[INPUT MATERIAL]
▼

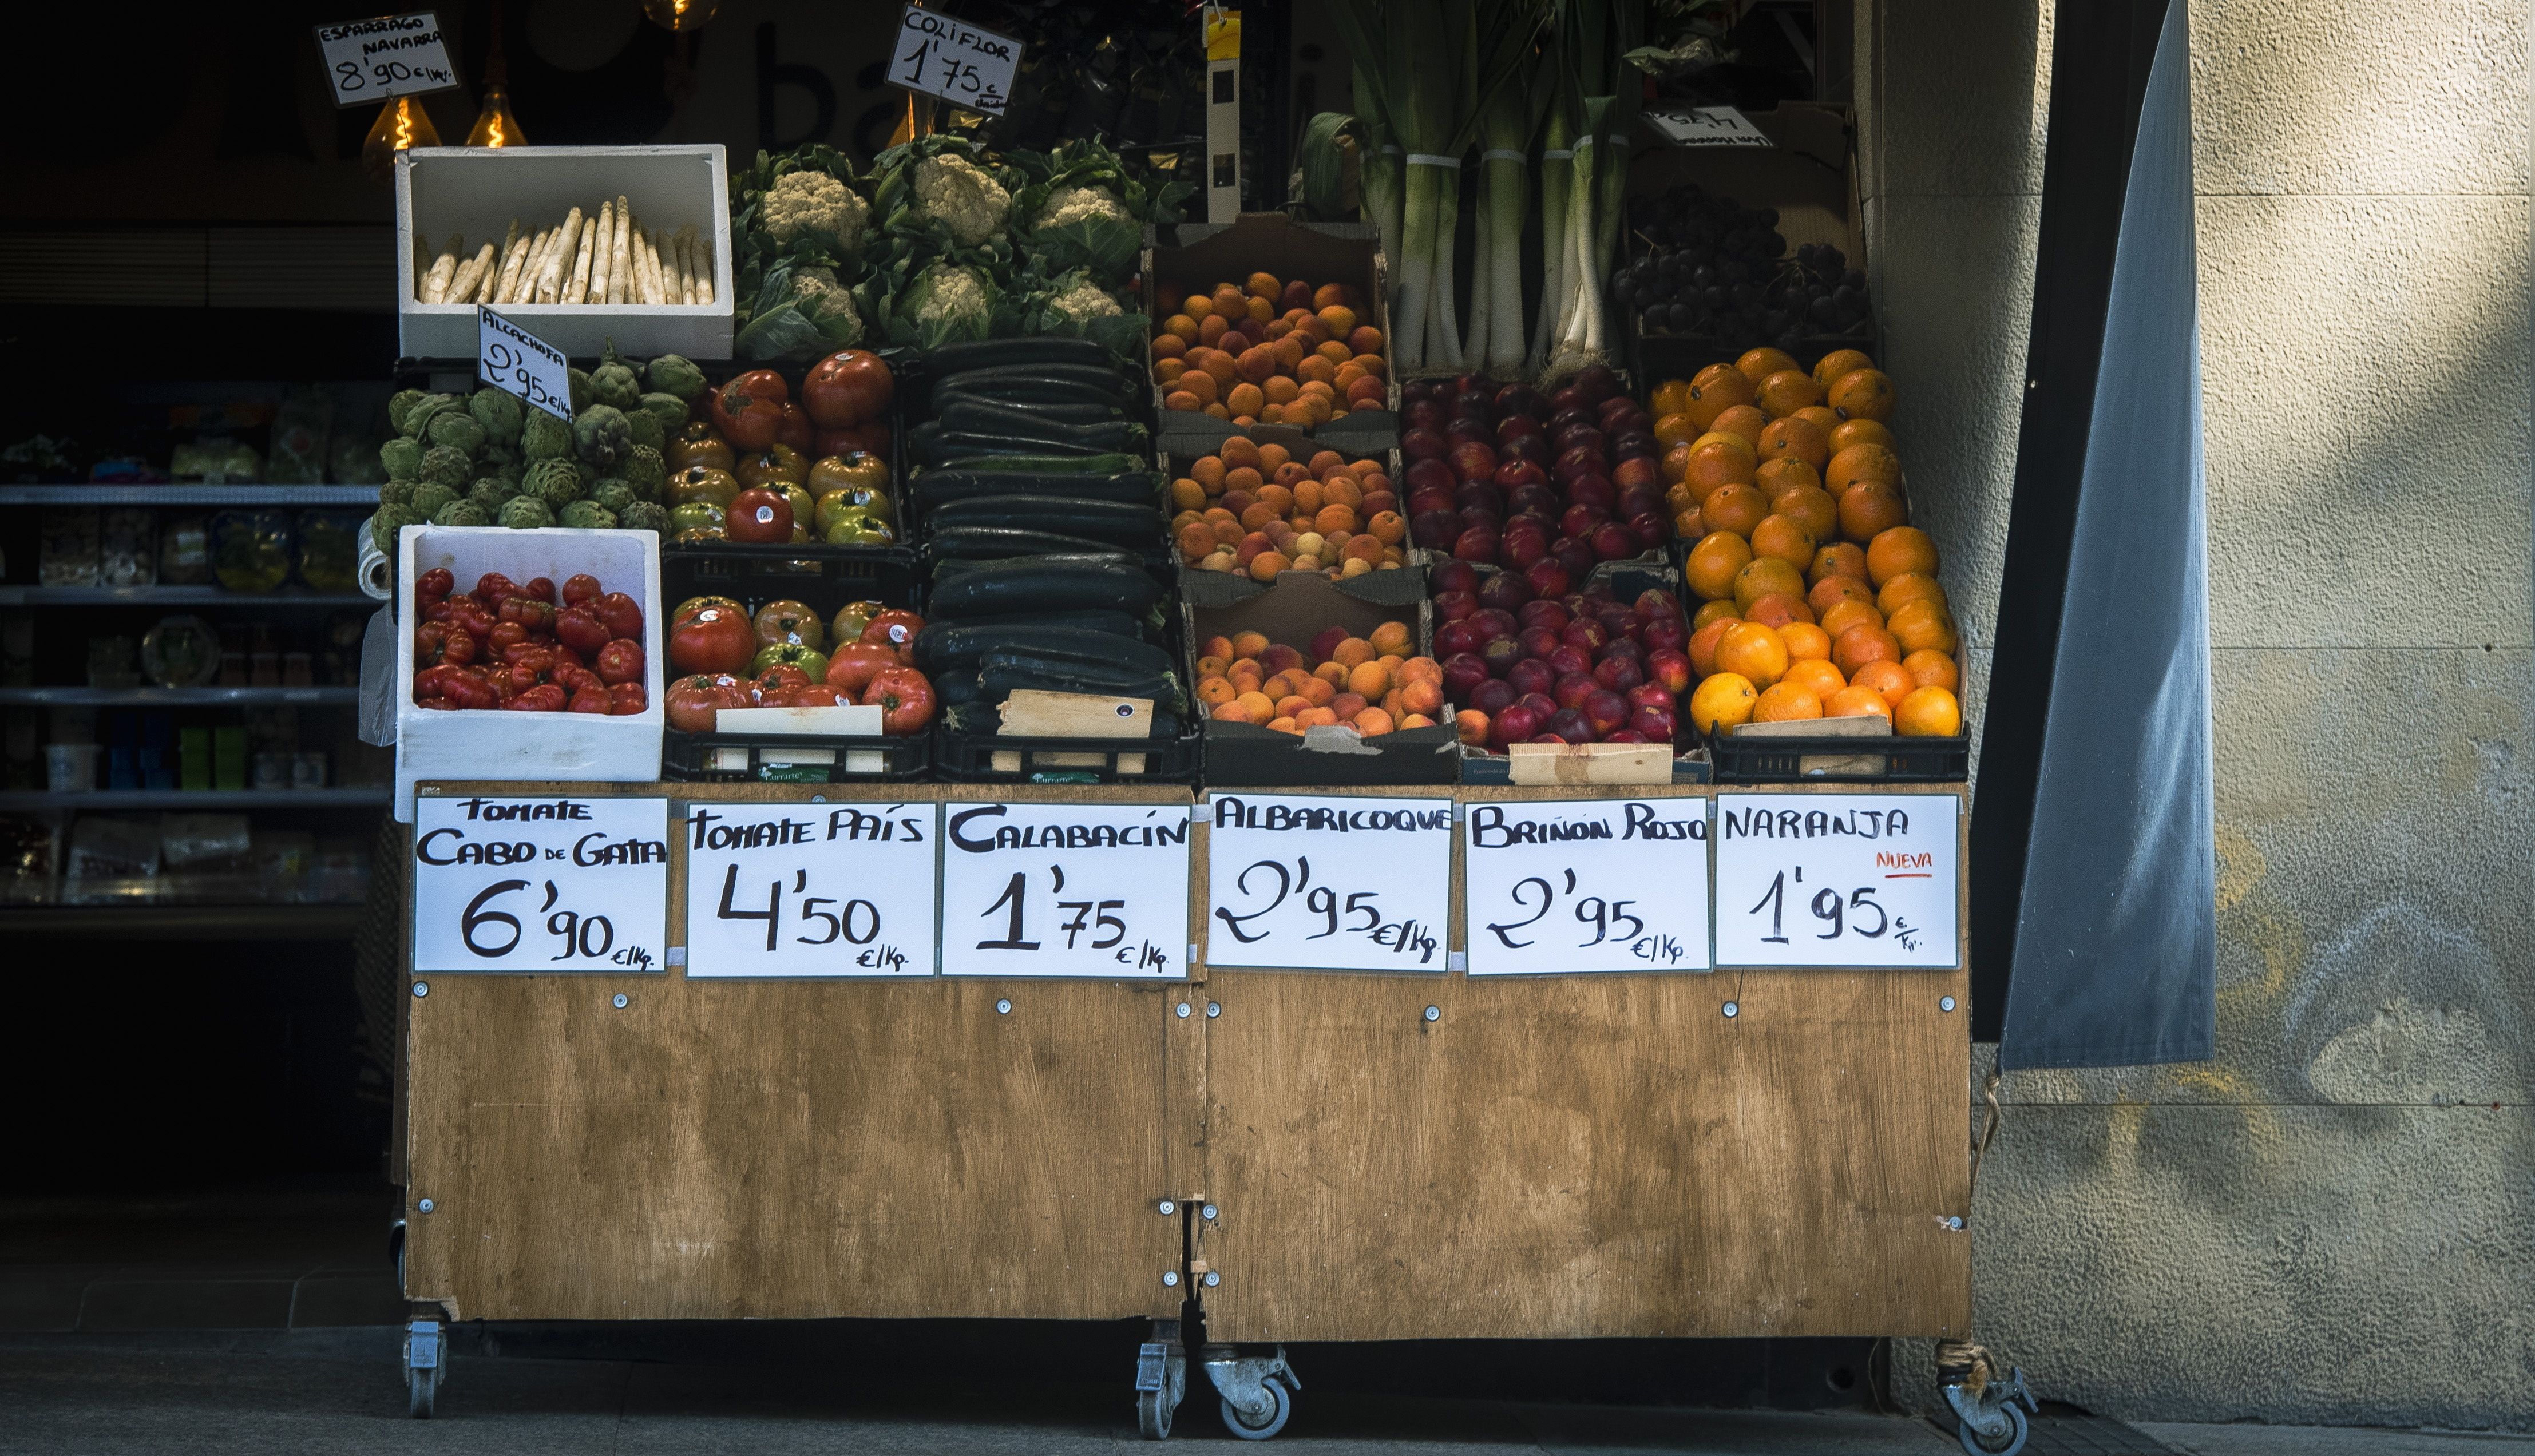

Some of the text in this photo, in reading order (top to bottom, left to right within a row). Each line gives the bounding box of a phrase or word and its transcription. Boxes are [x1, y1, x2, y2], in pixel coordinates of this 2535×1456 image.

[320, 17, 425, 42] ESPARRAGO
[362, 31, 444, 54] NAVARRA
[482, 310, 564, 367] ALCACHOFA
[457, 797, 593, 822] TOMATE
[685, 803, 924, 851] TOMATE PAÍS
[1215, 796, 1452, 833] ALBARICOQUE
[1621, 802, 1708, 840] ROJO
[1725, 806, 1910, 840] NARANJA
[416, 827, 667, 867] CABO DE GATA
[948, 804, 1190, 854] CALABACÍN
[1876, 851, 1933, 870] NUEVA

▲

[PROBLEM TO SOLVE] Leave the images out and give the rest of the data again exactly.

[TASK SOLUTION]
Some of the text in this photo, in reading order (top to bottom, left to right within a row). Each line gives the bounding box of a phrase or word and its transcription. Boxes are [x1, y1, x2, y2], in pixel coordinates of this 2535×1456 image.

[320, 17, 425, 42] ESPARRAGO
[362, 31, 444, 54] NAVARRA
[482, 310, 564, 367] ALCACHOFA
[457, 797, 593, 822] TOMATE
[685, 803, 924, 851] TOMATE PAÍS
[1215, 796, 1452, 833] ALBARICOQUE
[1621, 802, 1708, 840] ROJO
[1725, 806, 1910, 840] NARANJA
[416, 827, 667, 867] CABO DE GATA
[948, 804, 1190, 854] CALABACÍN
[1876, 851, 1933, 870] NUEVA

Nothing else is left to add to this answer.